Call it emotional attachment to IPv4 or whatever you like, but recently I have become more and more interested in finding and easy way to subnet IPv6 prefixes in my head like we are used to doing in IPv4. This post expands on an idea I picked off of the NANOG mailing list.

The method presented here is for the quick subnetting in your head, which you should get by practice. So it works well for a small number of subnets (16 max) but can be expanded for any number of subnets. However if you have to deal with more than 16 subnets, it is certainly more efficient to use any of the several IPv6 calculators out there (my favourite is sipcalc – a command line tool).

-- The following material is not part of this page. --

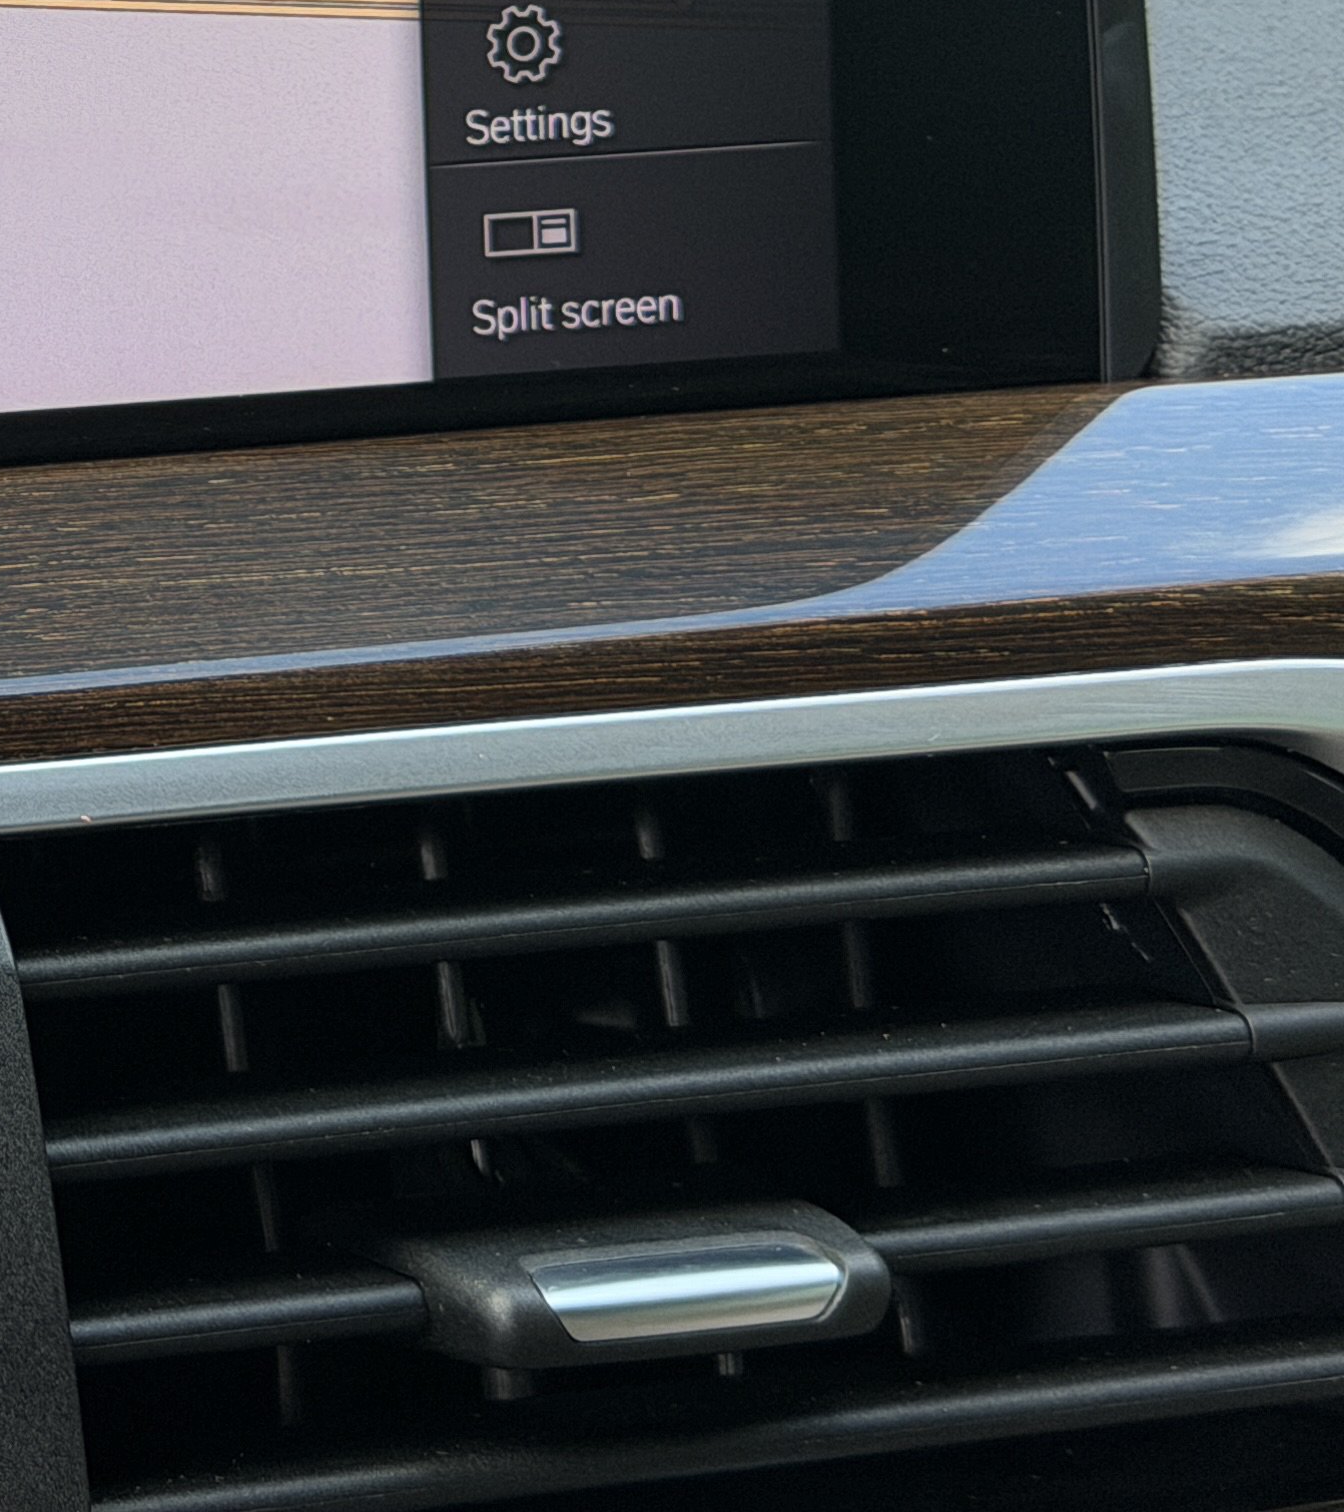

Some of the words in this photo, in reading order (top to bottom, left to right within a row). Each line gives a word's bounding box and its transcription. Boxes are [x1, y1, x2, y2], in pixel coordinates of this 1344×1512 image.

This method helps you answer the question: “Given the prefix PPPP/Y, what are the sub-prefixes of length /Z (where Z > Y) that can be gotten from it?“

I assume that you understand the fundamentals of IPv6 addressing, very basic binary and hex math. I also assume that you know how to arrive at the value Z from an analysis of your network design or requirements.

Definitions

  • Hexit – a single hexadecimal digit (0 – 9 , a – e). A hexit is made up of 4 bits.
  • Hex grouping – each of the groups of hexits of an IPv6 address that are separated by colons.
  • Defining hexit – the hexits that change for each subnet but stays the same for the same subnet. Think ‘interesting octet’ from IPv4 subnetting days. You could simply look it up from the following table.

The bit ranges that define various IPv6 hexits

  • Parent prefix – the original prefix to be subnetted in prefix/length format.
  • Y = prefix length of original prefix
  • Z = prefix length of subnets of original prefix

The Procedure

Calculate the following parameters

  1. Number of subnetting bits:  x = Z – Y

  2. Number of subnets possible with x bits: S = 2^x

  3. Number of hexits represented by the x bits: h = x/4 (this should be rounded up to the next integer)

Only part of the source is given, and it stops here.